• **ACTION ITEM**
The output should hold exactly, and only, the lines from the line bearing "this 1665×640 image." through the last line of the listing below, and no pictures.

DATASET EXCERPTS section start

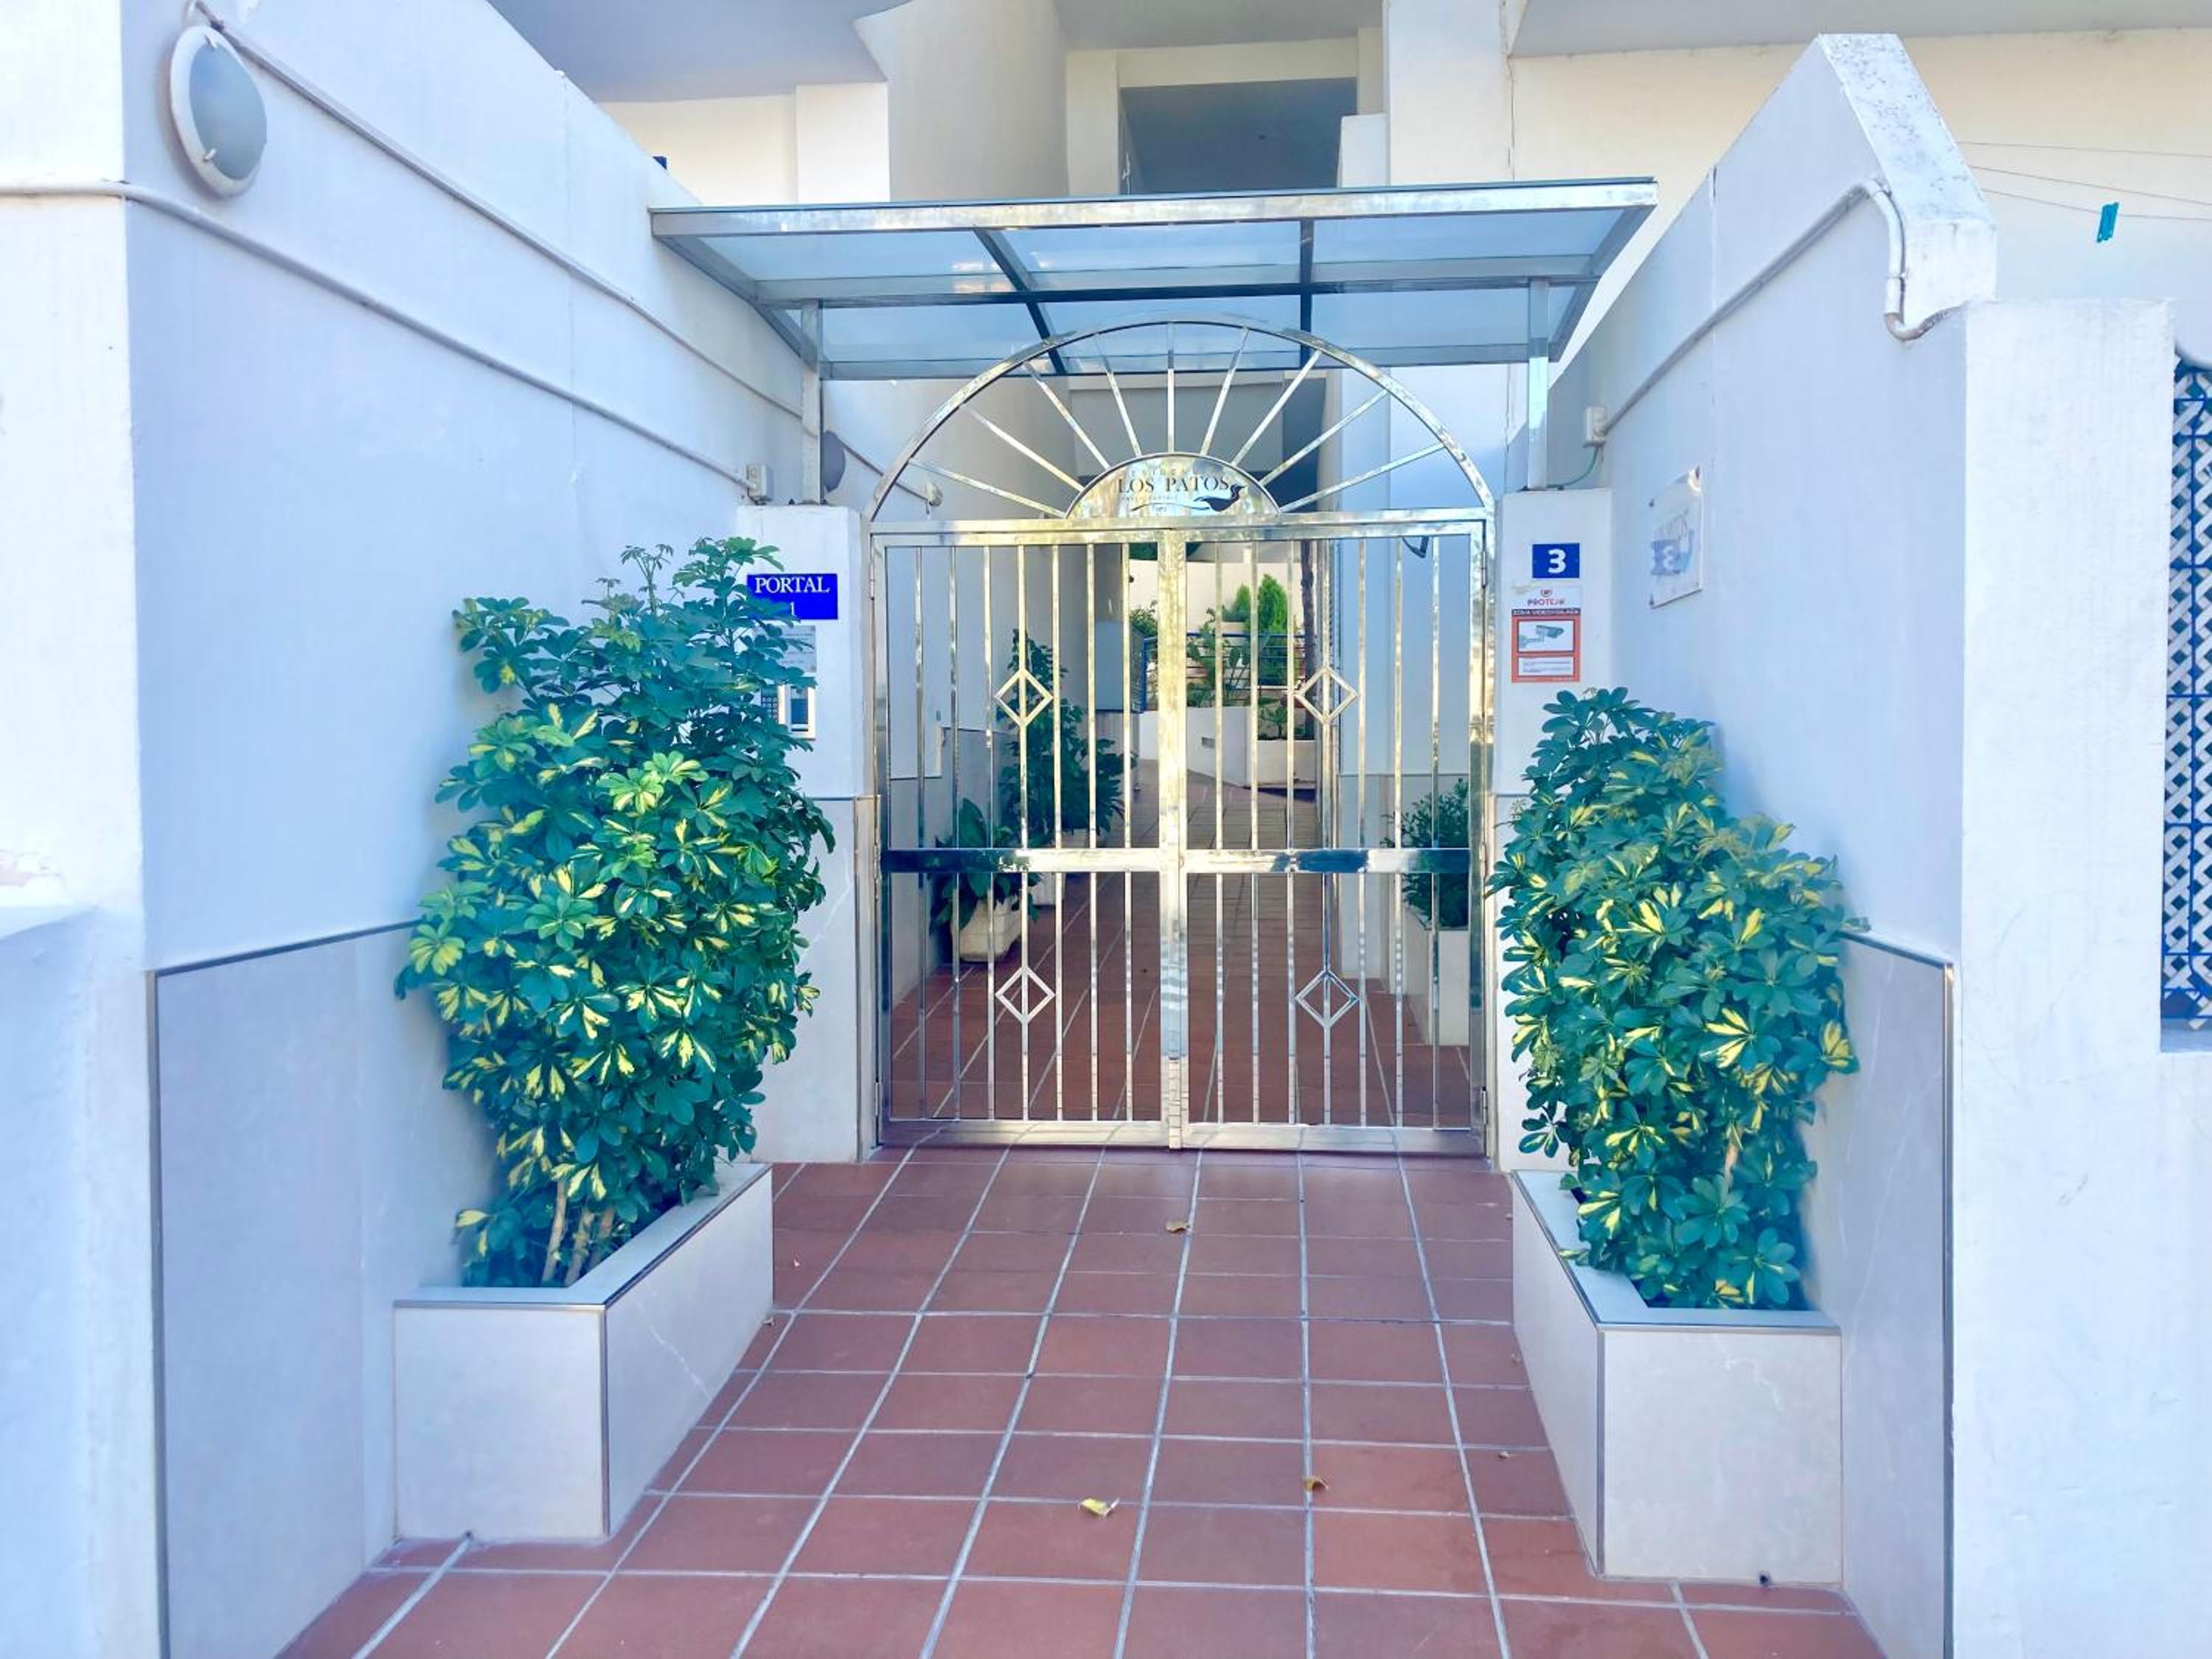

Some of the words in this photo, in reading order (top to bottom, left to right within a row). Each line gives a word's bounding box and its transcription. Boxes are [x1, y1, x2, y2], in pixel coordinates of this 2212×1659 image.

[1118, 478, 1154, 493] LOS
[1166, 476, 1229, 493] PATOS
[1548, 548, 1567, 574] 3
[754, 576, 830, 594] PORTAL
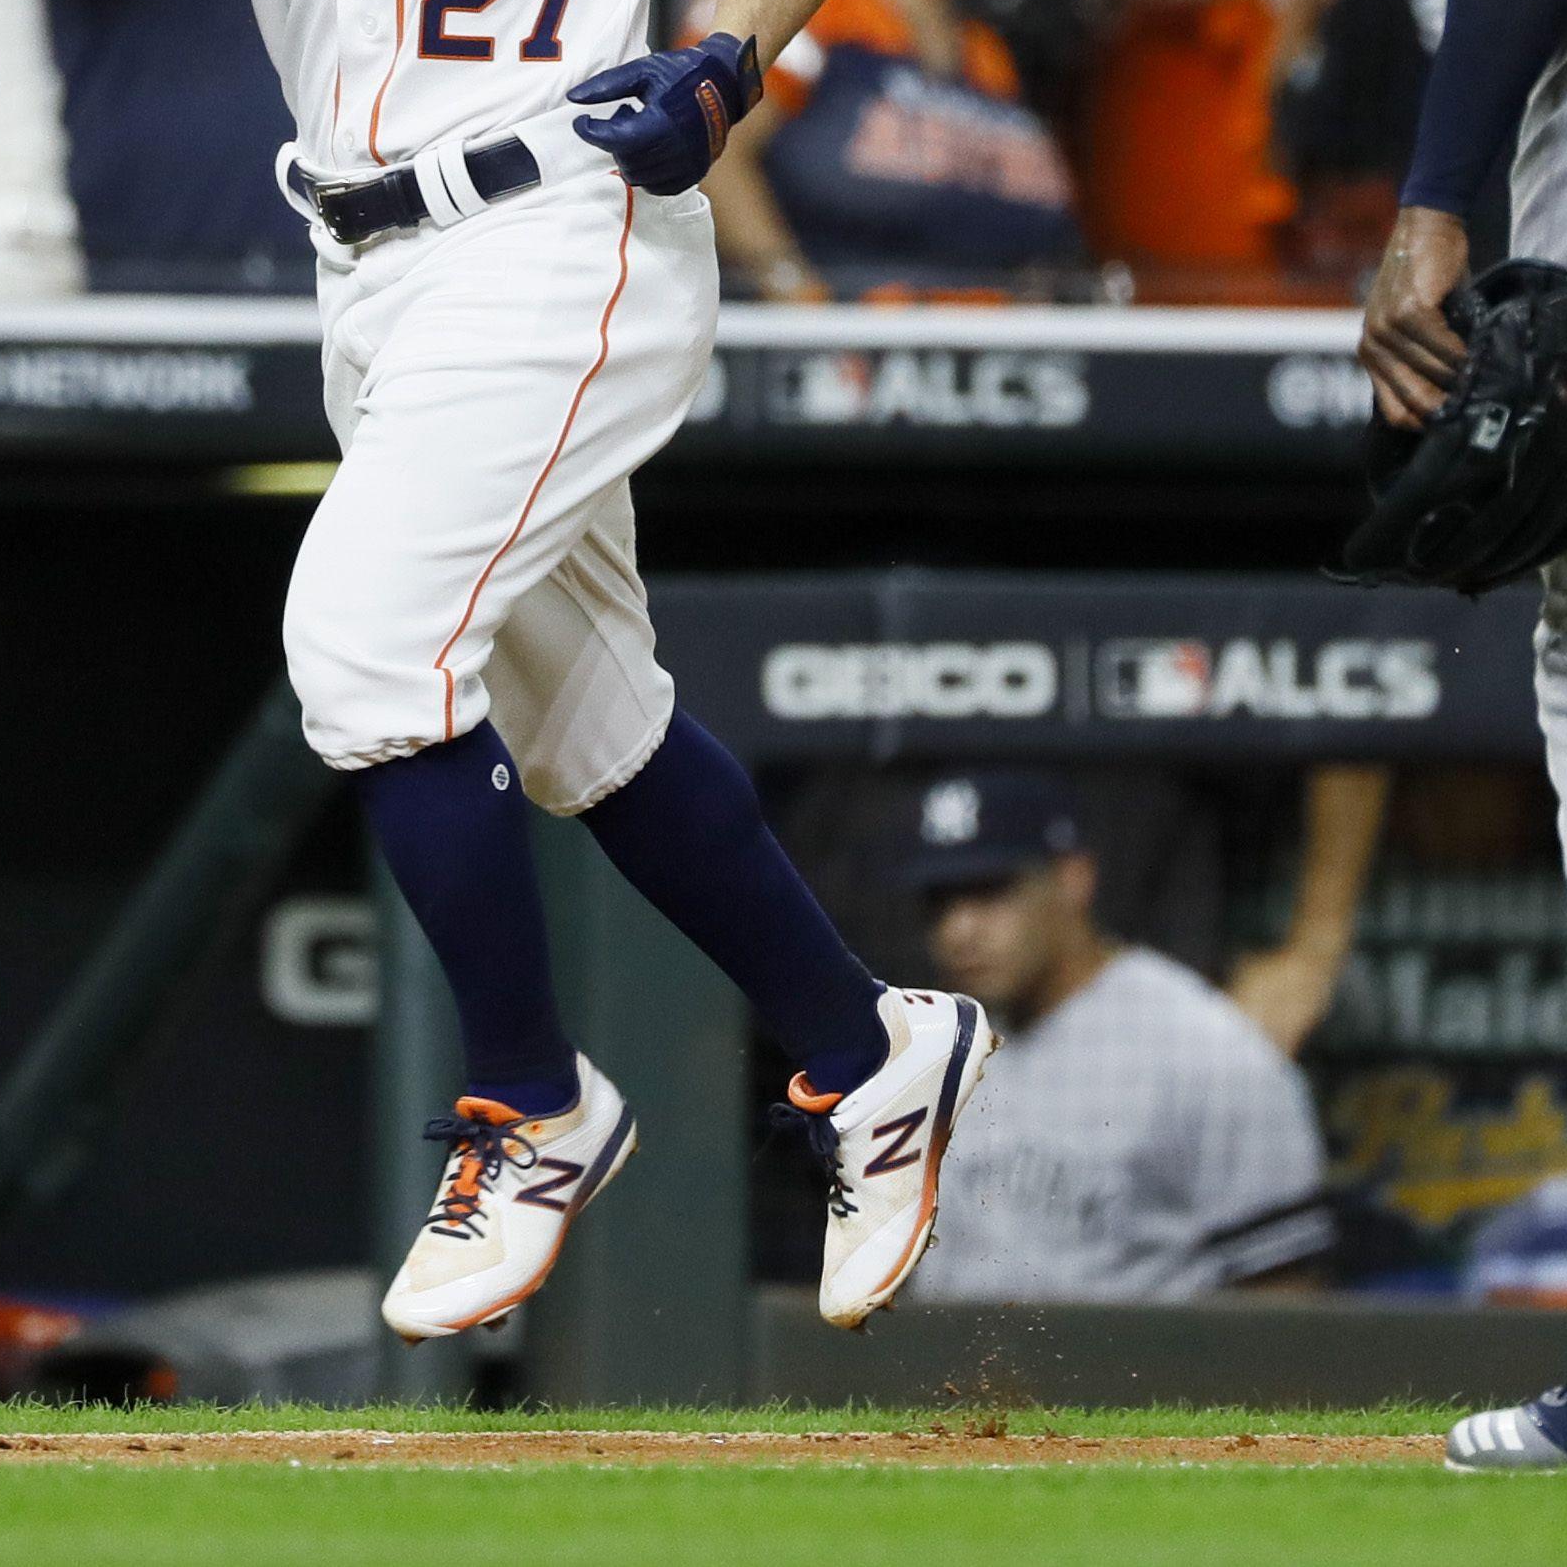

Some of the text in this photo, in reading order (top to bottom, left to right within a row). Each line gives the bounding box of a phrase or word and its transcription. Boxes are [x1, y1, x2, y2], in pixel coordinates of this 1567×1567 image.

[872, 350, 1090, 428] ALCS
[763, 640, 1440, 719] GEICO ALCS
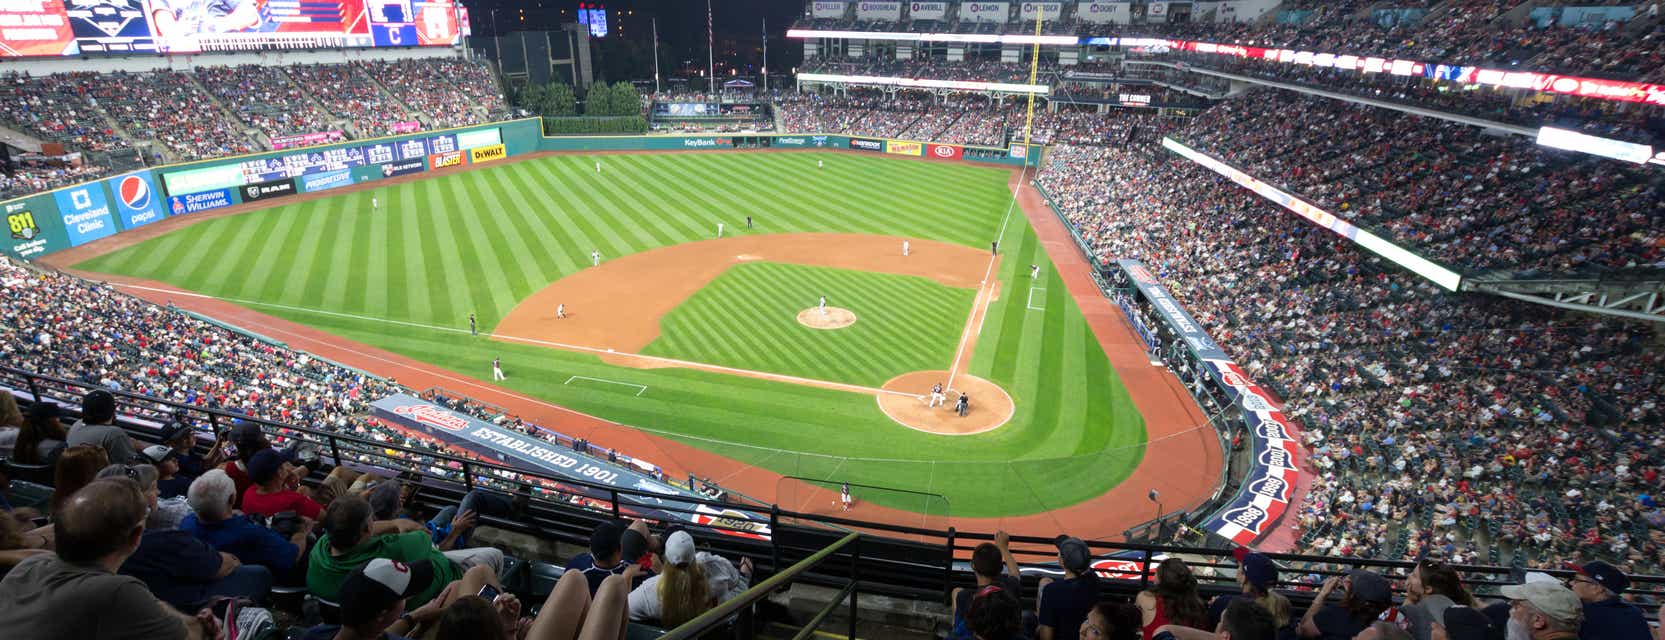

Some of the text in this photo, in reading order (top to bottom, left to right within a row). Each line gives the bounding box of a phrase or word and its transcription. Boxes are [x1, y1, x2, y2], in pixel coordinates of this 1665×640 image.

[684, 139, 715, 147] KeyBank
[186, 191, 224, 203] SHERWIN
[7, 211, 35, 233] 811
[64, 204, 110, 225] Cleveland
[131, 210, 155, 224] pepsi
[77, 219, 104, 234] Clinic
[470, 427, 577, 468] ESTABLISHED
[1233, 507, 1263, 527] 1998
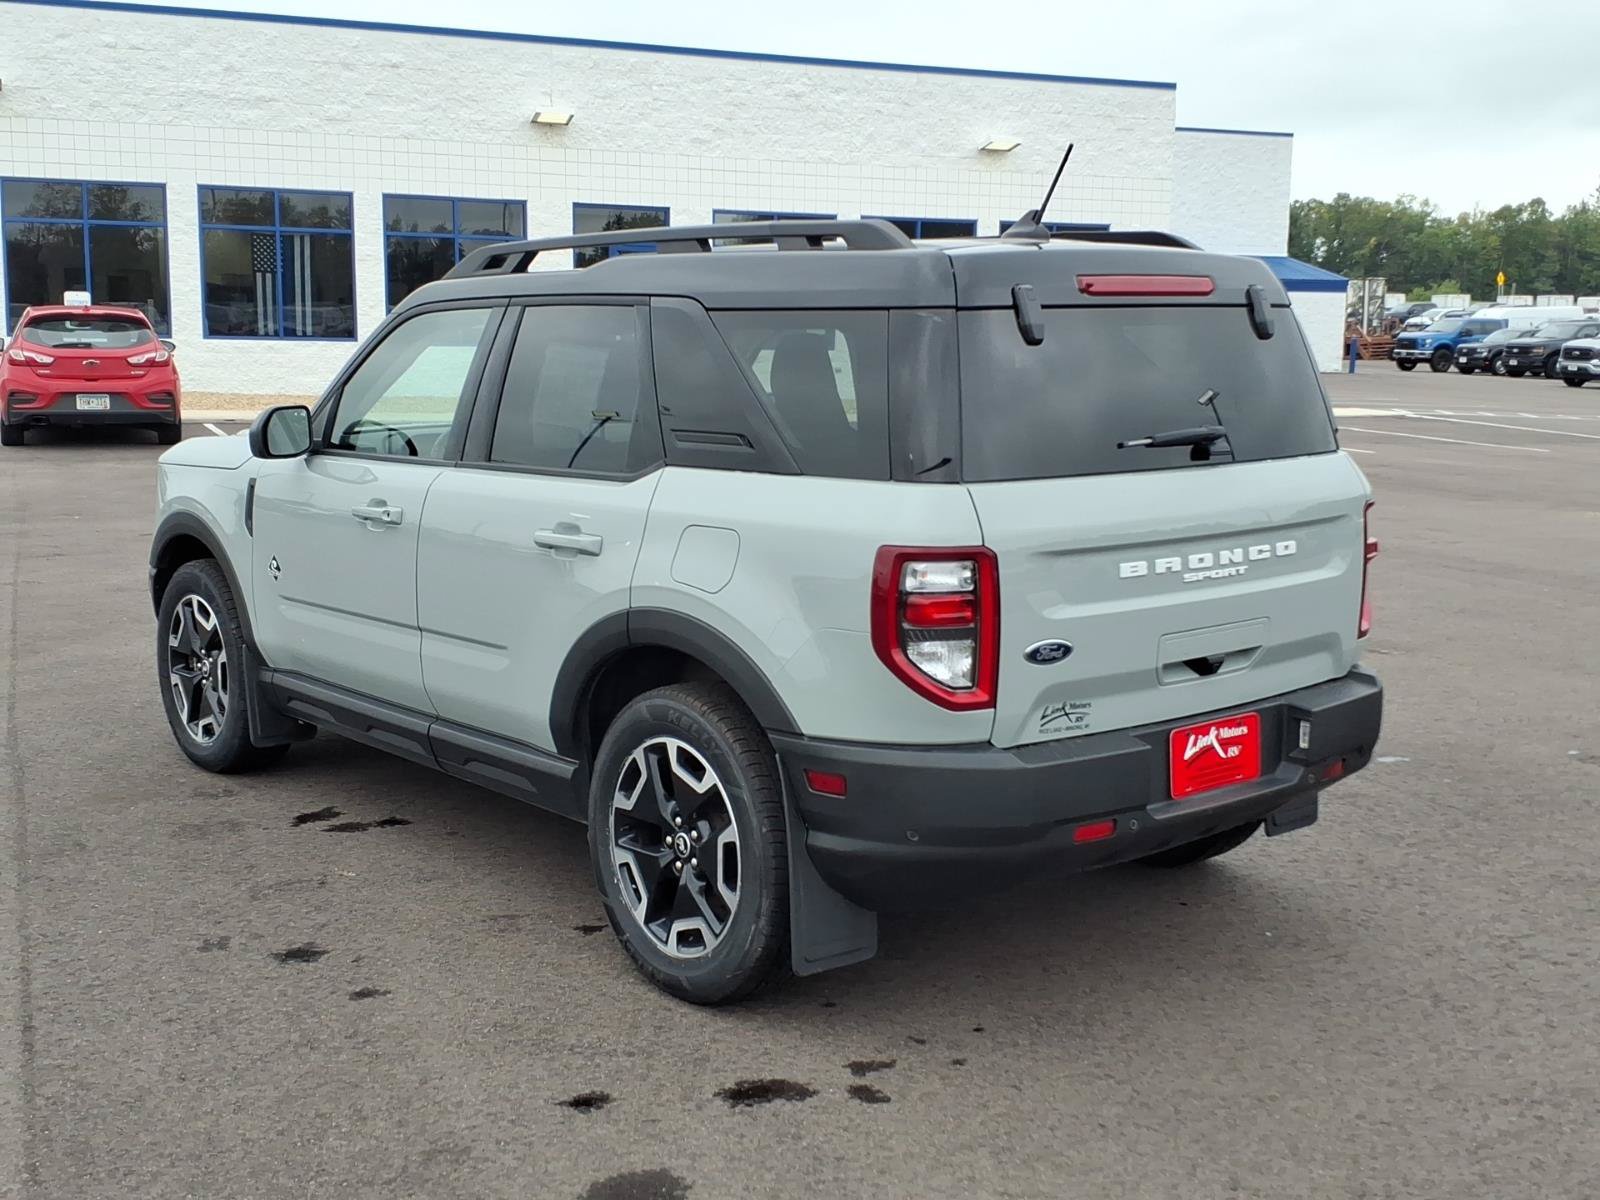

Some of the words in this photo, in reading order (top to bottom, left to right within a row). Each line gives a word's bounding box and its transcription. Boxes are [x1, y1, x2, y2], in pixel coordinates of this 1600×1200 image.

DATASET EXCERPTS section end

• **ANSWER BELOW**
Some of the text in this photo, in reading order (top to bottom, left to right within a row). Each line gives the bounding box of a phrase or word and its transcription. Boxes are [x1, y1, x2, y2], in pixel coordinates of this 1665×640 image.

[684, 139, 715, 147] KeyBank
[186, 191, 224, 203] SHERWIN
[7, 211, 35, 233] 811
[64, 204, 110, 225] Cleveland
[131, 210, 155, 224] pepsi
[77, 219, 104, 234] Clinic
[470, 427, 577, 468] ESTABLISHED
[1233, 507, 1263, 527] 1998

Some of the words in this photo, in reading order (top to bottom, left to right within a row). Each line gives a word's bounding box and its transcription. Boxes are [x1, y1, x2, y2], in pixel coordinates of this 1600×1200 image.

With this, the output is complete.